The therapeutic effect of engineered heart tissues (EHTs) is only at its full potential once the EHTs integrate into the native myocardium, and thus electrically and/or mechanically couple. However, the electromechanical coupling of EHTs with the host remains a challenge. The electromechanical cues of the heart might be crucial for EHTs to mechano-electrically couple and this might be especially true for the first couple of hours post-implantation (acute phase), which, to our knowledge, has not been studied.
The aim is to investigate whether small EHTs show signs of mechanical and/or electrical coupling during the acute implantation phase.
Small EHTs consisted of a recombinant collagen hydrogel disc (6 mm x 300 µm thick) with commercial human induced pluripotent stem cell derived cardiomyocytes (hiPSC-CMs) (ICell2 CDI) seeded on top (<50.000 cells). Hearts of healthy male NZW rabbits were excised under anaesthesia (0.5 ml/kg euthatal with 500U heparin) and prepared for Langendorff perfusion. Blebbistatin was used to block contraction before implanting Cal520-AM loaded EHTs underneath the epicardium. To measure the effect of ventricular contraction, a balloon was inserted into the left ventricle (LV) and hearts were divided into two groups: 1) constant contraction block (CB) using blebbistatin (N=9 hearts) and 2) graded levels of contraction (GC) achieved by washing off the blebbistatin (N=6). Calcium traces (CaT) were recorded alongside the ECG for approximately 30 seconds every 25 mins using a lightguide and traces were categorized into three timepoints post-implantation: Start (T=0), Early (T=20-50mins) and Late (T=70-100mins). The Rayleigh test (1,2) was used to detect potential entrainment based on the distribution of the phase differences between ECG R-wave and CaT. In recordings with significant tendency towards a single phase, runs of 5 or more CaT with delay from the previous R-wave within a 18ms window were considered entrained. Then, entrained parts of the trace were analysed on RR interval, CaT interval, time from the QRS to the CaT upstroke and the ECG:CaT ratio.
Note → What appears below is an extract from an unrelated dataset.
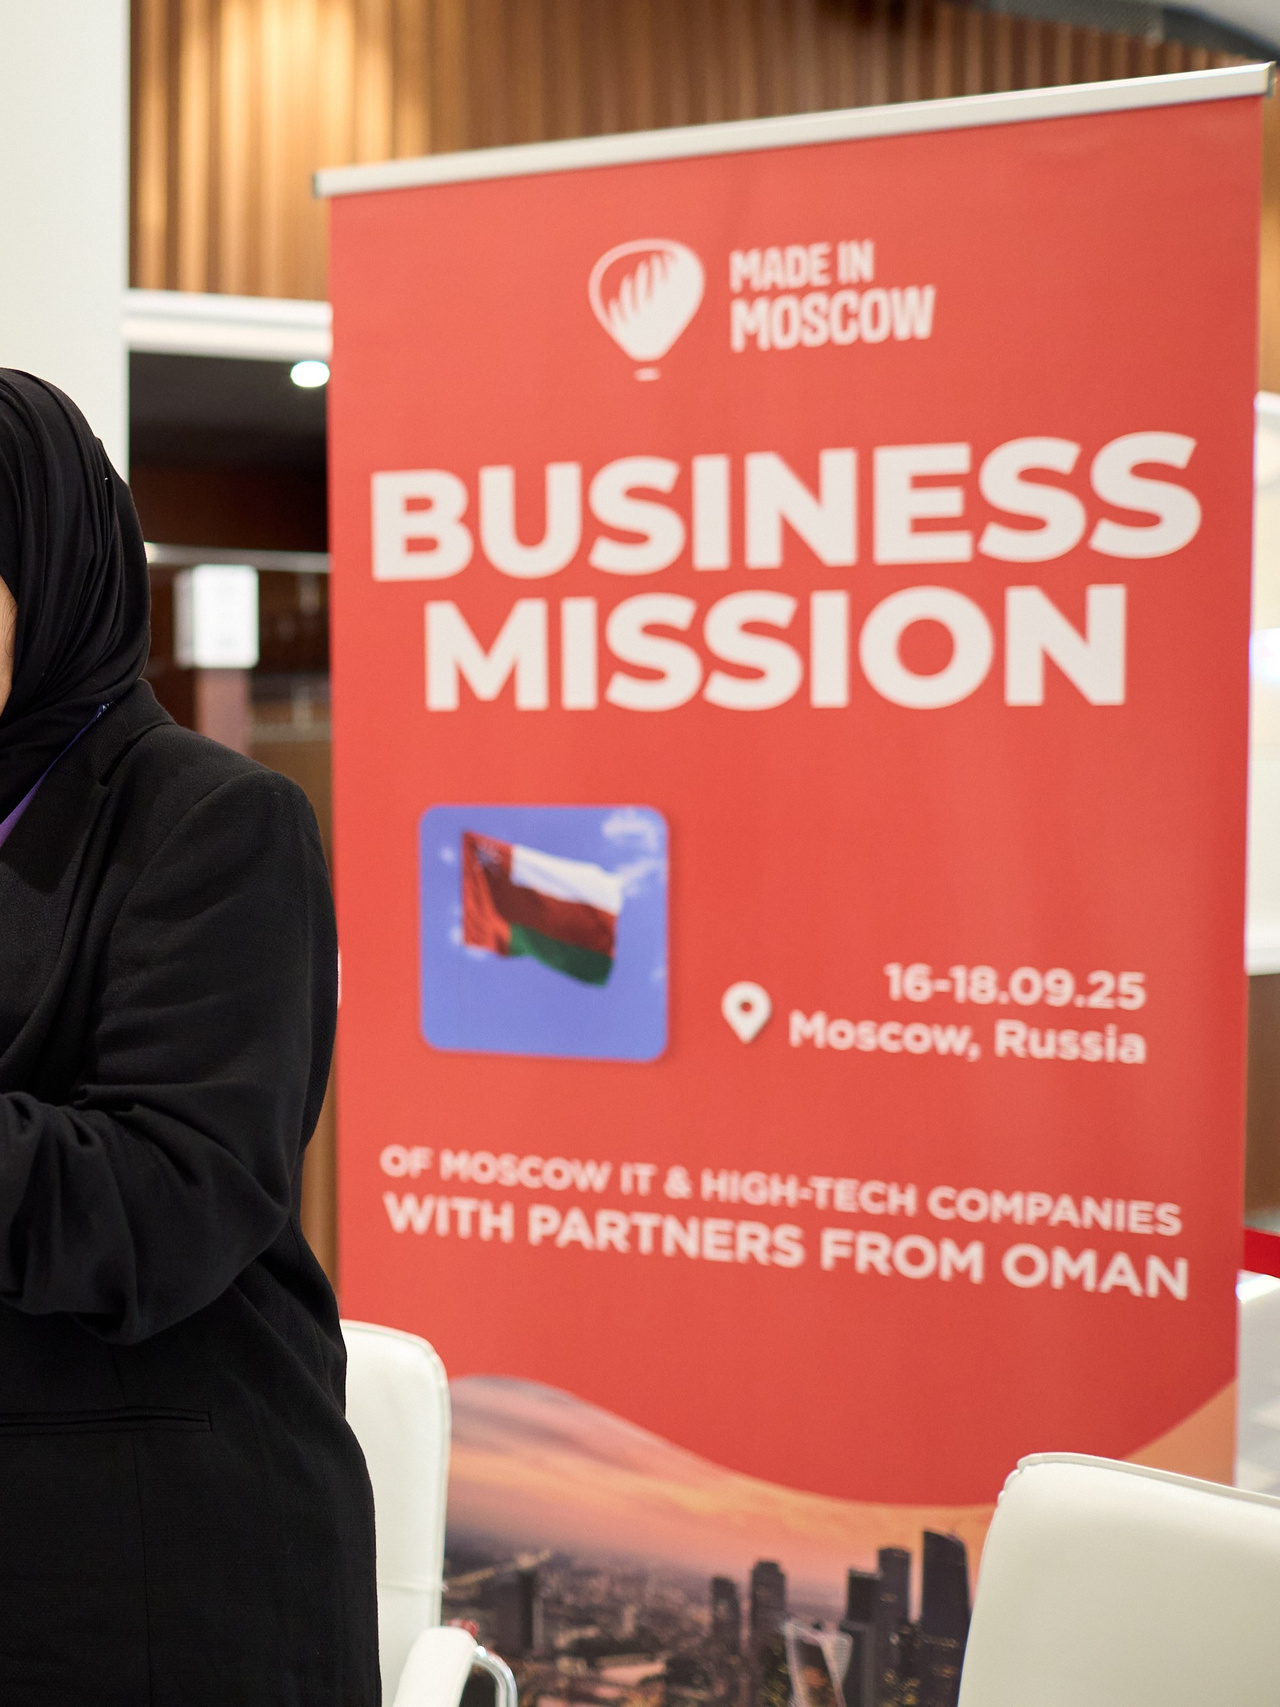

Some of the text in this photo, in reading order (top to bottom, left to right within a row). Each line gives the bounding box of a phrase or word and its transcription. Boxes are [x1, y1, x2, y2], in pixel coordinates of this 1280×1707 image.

CaT could be recorded for multiple hours post-implantation. Contraction was 1.0±0.3% (mean±SD) in the presence of blebbistatin and increased after wash-out to 34.3±20.3% and 85.2±13.3% in the Early and Late groups, respectively (GC group only). The Rayleigh test showed significant result for some traces (12/65 [18.5%] for CB and 11/35 [31.4%] for GC) and this was equally divided between Early and Late timepoints. Furthermore, it appeared that entrainment occurred intermittently (Figure 1). Further analysis of entrained trace selections did not show a 1:1 coupling with the heart but often 1:3 or 1:4 and occasionally 1:2, indicating that the human EHTs could not follow the fast intrinsic rate of the rabbit heart.
These data indicate that EHTs show periodic entrainment when engrafted into myocardium in the first hours post-implantation. Entrainment was seen in absence of contraction and therefore contraction seemed not essential. One potential underlying mechanism could be ephaptic coupling and this hypothesis is currently being tested using a mathematical model. The early phase coupling indicated here may be important for the long-term survival and therapeutic potential of EHTs.